What to do | Each line below should be retyped exactly, with no pictures.

Exercise inputs |
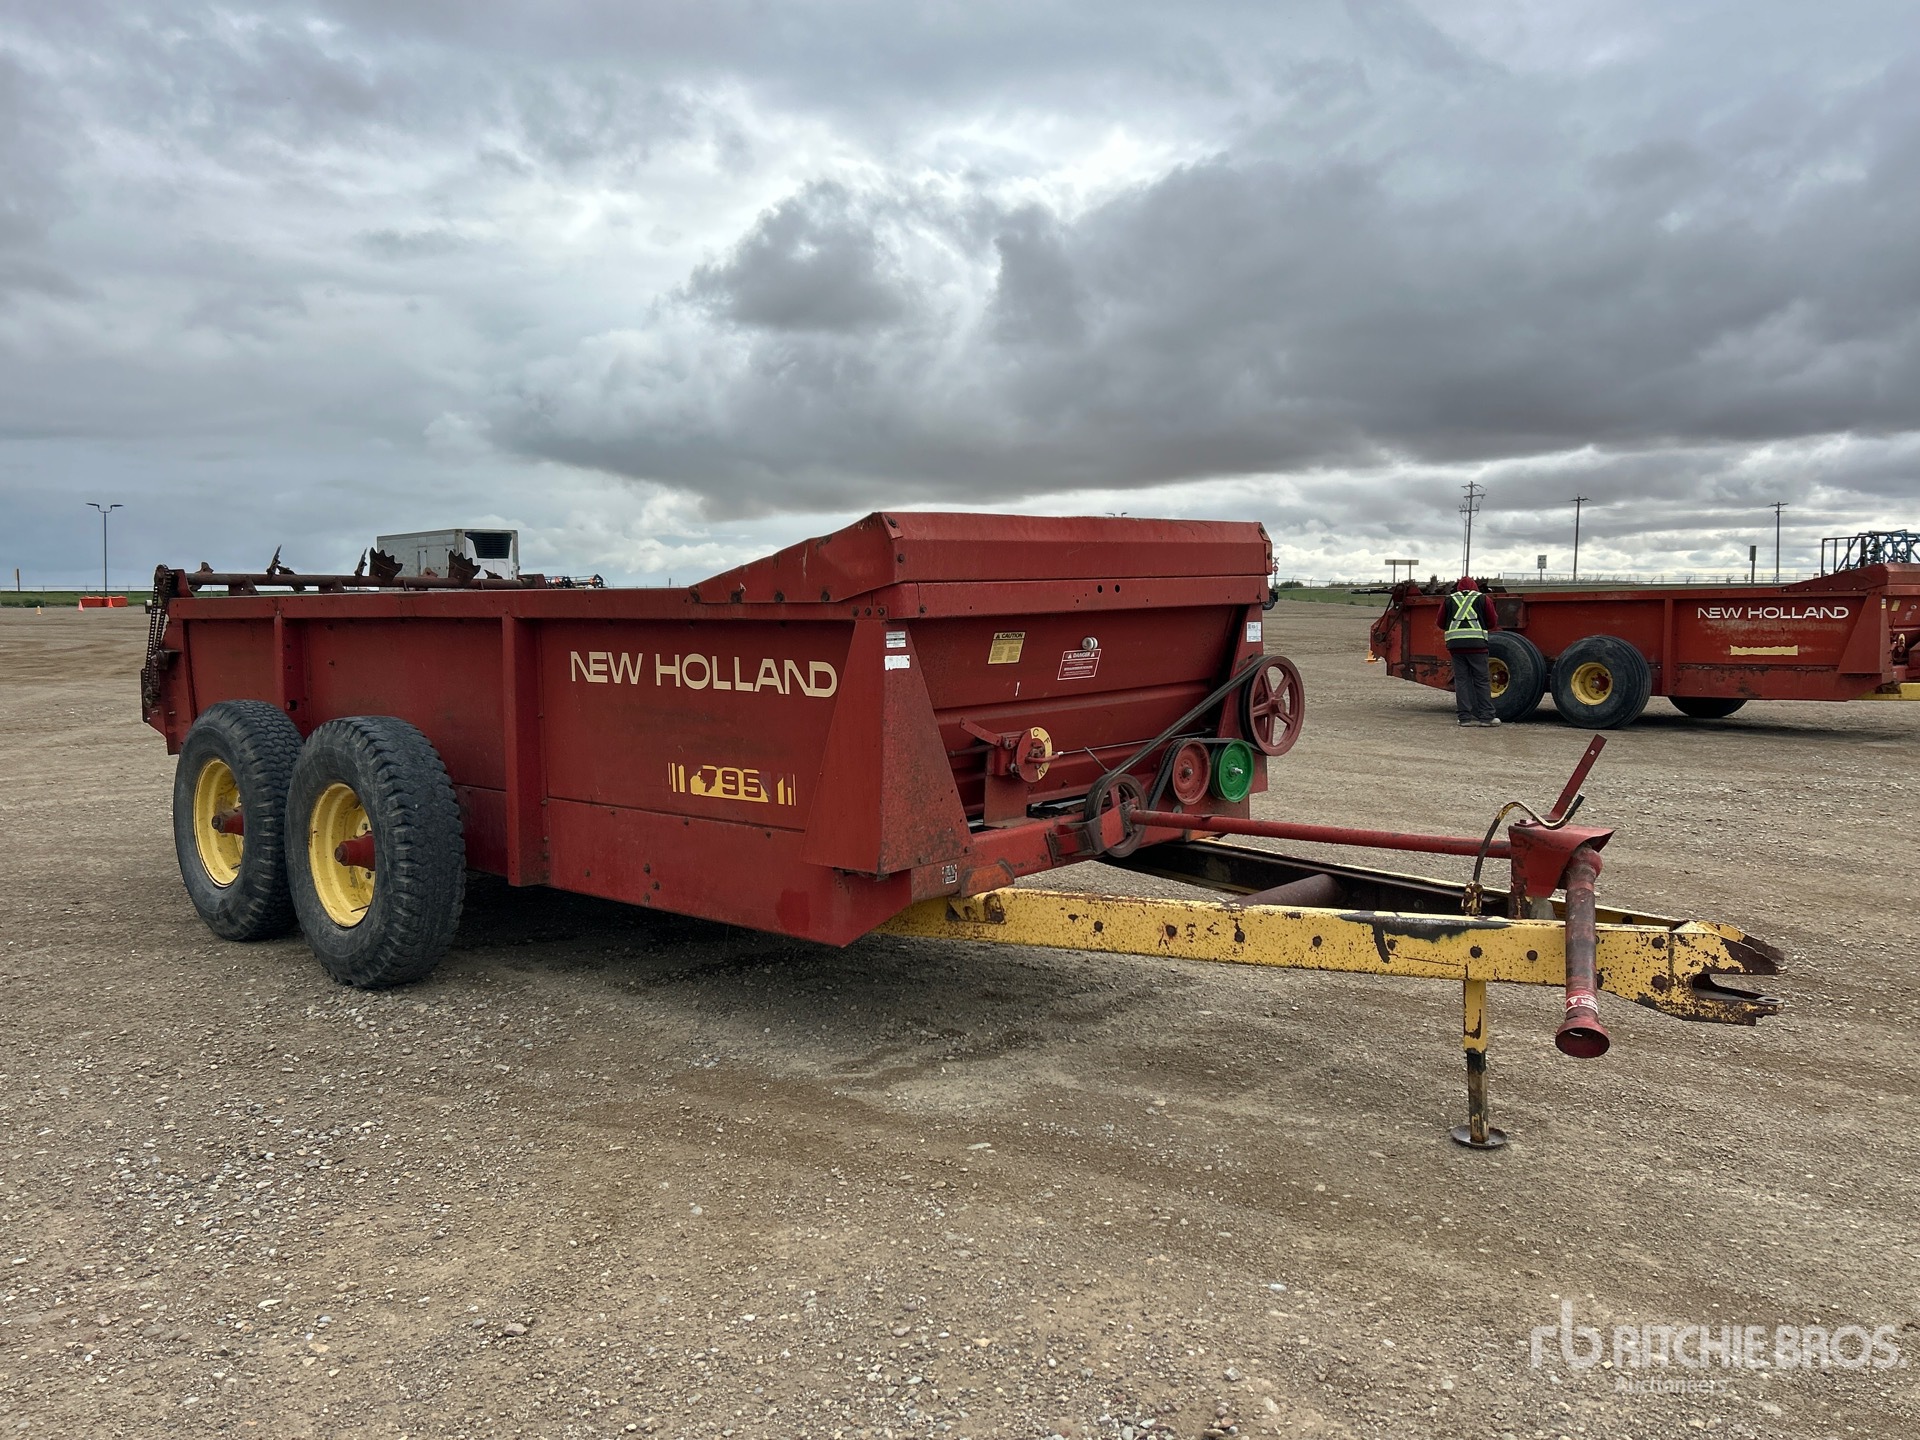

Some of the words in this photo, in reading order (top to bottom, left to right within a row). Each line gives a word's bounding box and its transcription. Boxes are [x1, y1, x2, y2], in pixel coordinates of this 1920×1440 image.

[1697, 607, 1743, 619] NEW
[1748, 606, 1849, 619] HOLLAND
[570, 651, 643, 684] NEW
[655, 653, 838, 698] HOLLAND
[700, 766, 763, 799] 795

Task response |
Some of the words in this photo, in reading order (top to bottom, left to right within a row). Each line gives a word's bounding box and its transcription. Boxes are [x1, y1, x2, y2], in pixel coordinates of this 1920×1440 image.

[1697, 607, 1743, 619] NEW
[1748, 606, 1849, 619] HOLLAND
[570, 651, 643, 684] NEW
[655, 653, 838, 698] HOLLAND
[700, 766, 763, 799] 795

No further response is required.